**WHAT NEEDS TO BE DONE**
Print each line of the material again, keeping everything exact.

**EXERCISE DATA**
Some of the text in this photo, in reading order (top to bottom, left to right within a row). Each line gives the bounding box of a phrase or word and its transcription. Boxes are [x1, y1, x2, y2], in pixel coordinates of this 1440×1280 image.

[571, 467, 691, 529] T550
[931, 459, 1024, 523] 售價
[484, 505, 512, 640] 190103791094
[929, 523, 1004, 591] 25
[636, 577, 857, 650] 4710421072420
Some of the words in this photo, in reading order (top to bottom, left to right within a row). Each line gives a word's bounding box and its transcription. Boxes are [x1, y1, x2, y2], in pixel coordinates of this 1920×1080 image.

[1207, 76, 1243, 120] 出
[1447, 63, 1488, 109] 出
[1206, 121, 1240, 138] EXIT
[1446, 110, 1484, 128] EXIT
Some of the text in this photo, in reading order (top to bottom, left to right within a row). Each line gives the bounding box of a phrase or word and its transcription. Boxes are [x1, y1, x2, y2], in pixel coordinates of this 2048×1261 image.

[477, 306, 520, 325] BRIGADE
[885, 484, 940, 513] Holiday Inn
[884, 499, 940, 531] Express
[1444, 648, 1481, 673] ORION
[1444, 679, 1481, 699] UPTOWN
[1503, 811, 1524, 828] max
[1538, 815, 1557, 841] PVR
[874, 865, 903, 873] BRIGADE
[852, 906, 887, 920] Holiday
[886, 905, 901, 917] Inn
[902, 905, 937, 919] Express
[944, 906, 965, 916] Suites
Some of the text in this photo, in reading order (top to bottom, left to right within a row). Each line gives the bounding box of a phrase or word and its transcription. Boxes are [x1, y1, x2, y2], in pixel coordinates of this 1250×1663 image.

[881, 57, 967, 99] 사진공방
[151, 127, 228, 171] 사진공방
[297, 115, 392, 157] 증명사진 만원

**COMPLETED EXERCISE**
Some of the text in this photo, in reading order (top to bottom, left to right within a row). Each line gives the bounding box of a phrase or word and its transcription. Boxes are [x1, y1, x2, y2], in pixel coordinates of this 1440×1280 image.

[571, 467, 691, 529] T550
[931, 459, 1024, 523] 售價
[484, 505, 512, 640] 190103791094
[929, 523, 1004, 591] 25
[636, 577, 857, 650] 4710421072420
Some of the words in this photo, in reading order (top to bottom, left to right within a row). Each line gives a word's bounding box and its transcription. Boxes are [x1, y1, x2, y2], in pixel coordinates of this 1920×1080 image.

[1207, 76, 1243, 120] 出
[1447, 63, 1488, 109] 出
[1206, 121, 1240, 138] EXIT
[1446, 110, 1484, 128] EXIT
Some of the text in this photo, in reading order (top to bottom, left to right within a row). Each line gives the bounding box of a phrase or word and its transcription. Boxes are [x1, y1, x2, y2], in pixel coordinates of this 2048×1261 image.

[477, 306, 520, 325] BRIGADE
[885, 484, 940, 513] Holiday Inn
[884, 499, 940, 531] Express
[1444, 648, 1481, 673] ORION
[1444, 679, 1481, 699] UPTOWN
[1503, 811, 1524, 828] max
[1538, 815, 1557, 841] PVR
[874, 865, 903, 873] BRIGADE
[852, 906, 887, 920] Holiday
[886, 905, 901, 917] Inn
[902, 905, 937, 919] Express
[944, 906, 965, 916] Suites
Some of the text in this photo, in reading order (top to bottom, left to right within a row). Each line gives the bounding box of a phrase or word and its transcription. Boxes are [x1, y1, x2, y2], in pixel coordinates of this 1250×1663 image.

[881, 57, 967, 99] 사진공방
[151, 127, 228, 171] 사진공방
[297, 115, 392, 157] 증명사진 만원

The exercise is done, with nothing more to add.